Óscares 2022. Os cães ladram, a caravana passa (pelas dunas)
O crítico de cinema Pedro Marta Santos crê que aconteceu (quase tudo) como devia e avisa: "Malta nova não quer saber de sexagenários em smoking a brandirem bonecos banhados a oiro".
Aconteceu tudo como se previa (ou quase tudo). O Poder do Cão de Jane Campion, cortesia do maior estúdio de Hollywood – perdão, do gigante do streaming – Netflix, lidera o sprint aos Óscares de 2022 com doze nomeações. Elas incluem Melhor Filme, Melhor Realizador (Jane Campion, a primeira mulher a ser duas vezes indicada ao prémio de direção após o debute com "O Piano" em 1993), Melhor Ator (Benedict Cumberbatch, provável vitorioso), Melhores Secundários (o casal no ecrã do smartphone e na vida real Jesse Plemons/Kristen Dunst), e Melhor Argumento Adaptado. Logo atrás desta bela matilha neozelandesa está o exercício faustoso de antecipação científica em regime de messianismo ecológico, Duna, a partir da epopeia literária de Frank Herbert, supostamente impossível de filmar depois do desastre financeiro do projeto homónimo de David Lynch em 1984. Pelos vistos, para a Academia, o filme (na realidade, a primeira parte de um díptico ou de uma trilogia que mais parece um trailer de 150 minutos) não terá sido dirigido por ninguém, já que o presenteia com dez nomeações mas o realizador, o wunderkind canadiano Denis Villeneuve, não figura na lista de Melhor Realizador.
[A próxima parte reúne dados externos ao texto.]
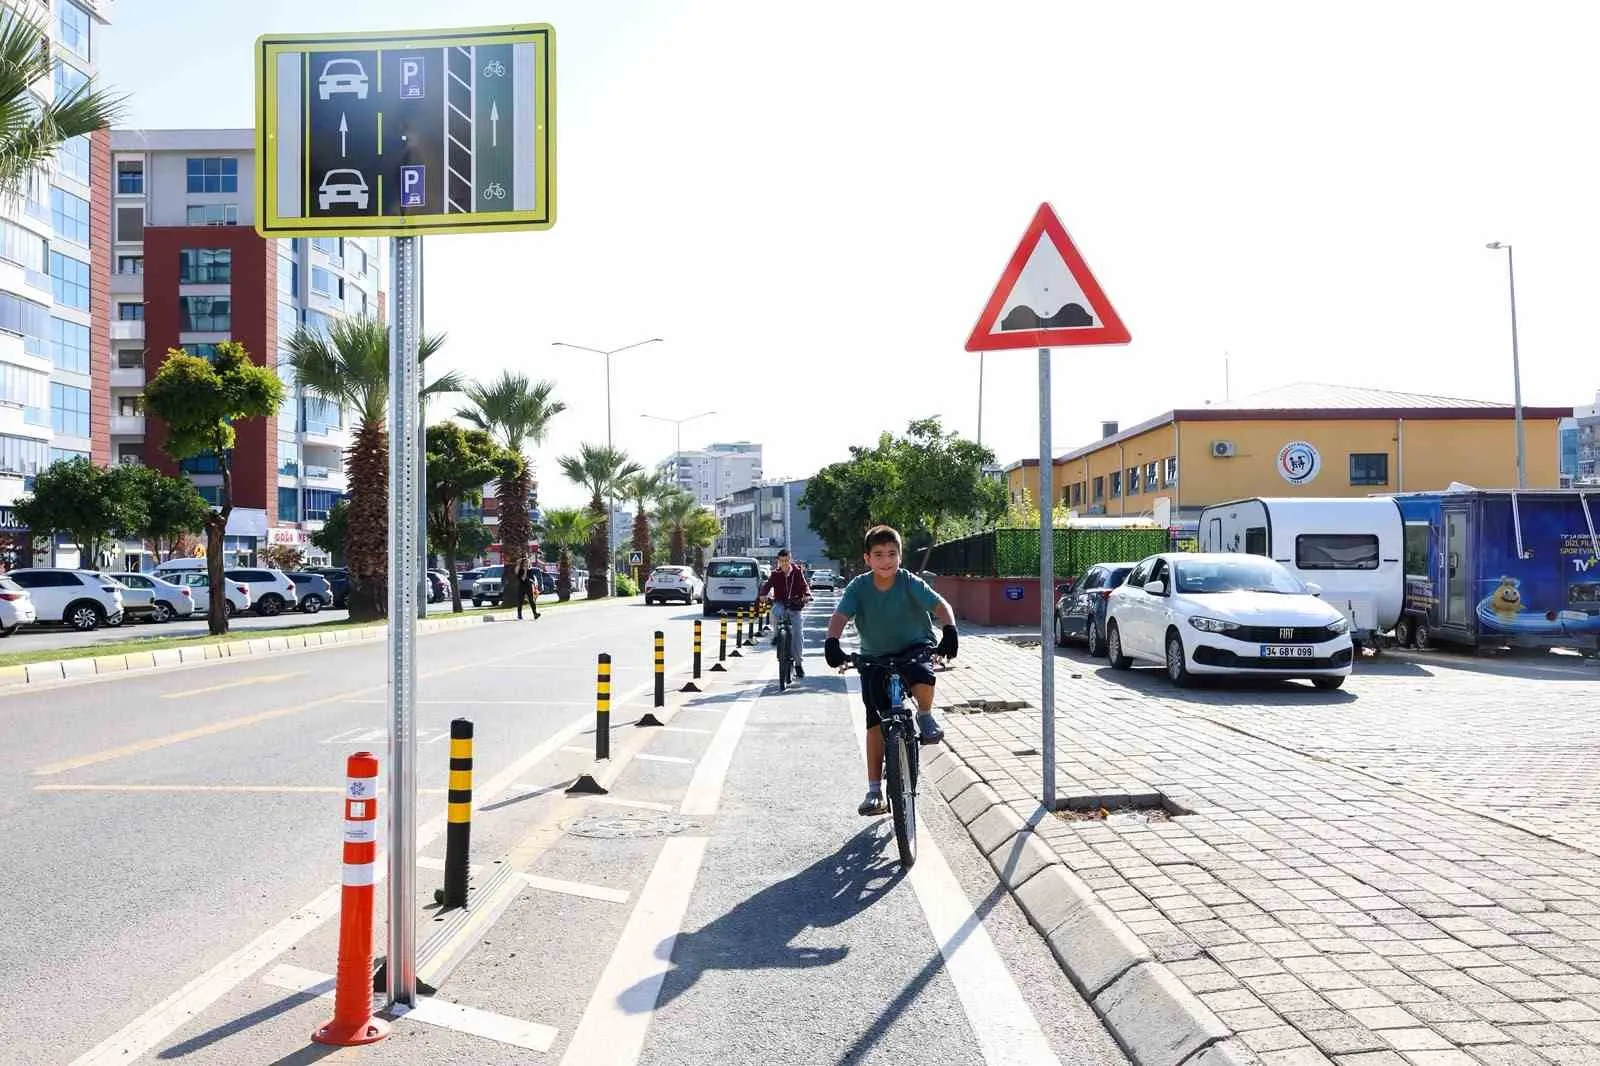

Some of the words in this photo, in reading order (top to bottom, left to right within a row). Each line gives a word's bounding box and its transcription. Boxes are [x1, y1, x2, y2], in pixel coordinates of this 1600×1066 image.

Nela estão o grande cineasta da América no último quartel do século XX, Steven Spielberg (é a oitava vez, graças à revisitação do clássico musical West Side Story), o grande cineasta da América nas primeiras duas décadas do século XXI, Paul Thomas Anderson, o veterano Kenneth Branagh pelo autobiográfico Belfast (primeira individualidade da História a ser nomeado em sete categorias distintas, ao longo de uma carreira de quatro décadas) e o japonês Riûsuke Hamaguchi, autor da única obra verdadeiramente excecional da lista (ainda não vi Licorice Pizza, fica um forte benefício da dúvida). Juntam-se todos à festa, de novo presencial – será no recentíssimo Dolby Theatre de Los Angeles, a 27 de março -,com emissão televisiva pelo canal aberto ABC (prevêem-se ratings miseráveis; malta nova não quer saber de sexagenários em smoking a brandirem bonecos banhados a oiro) e vários mestres de cerimónias, para impedir os pecadilhos sexistas ou étnicos.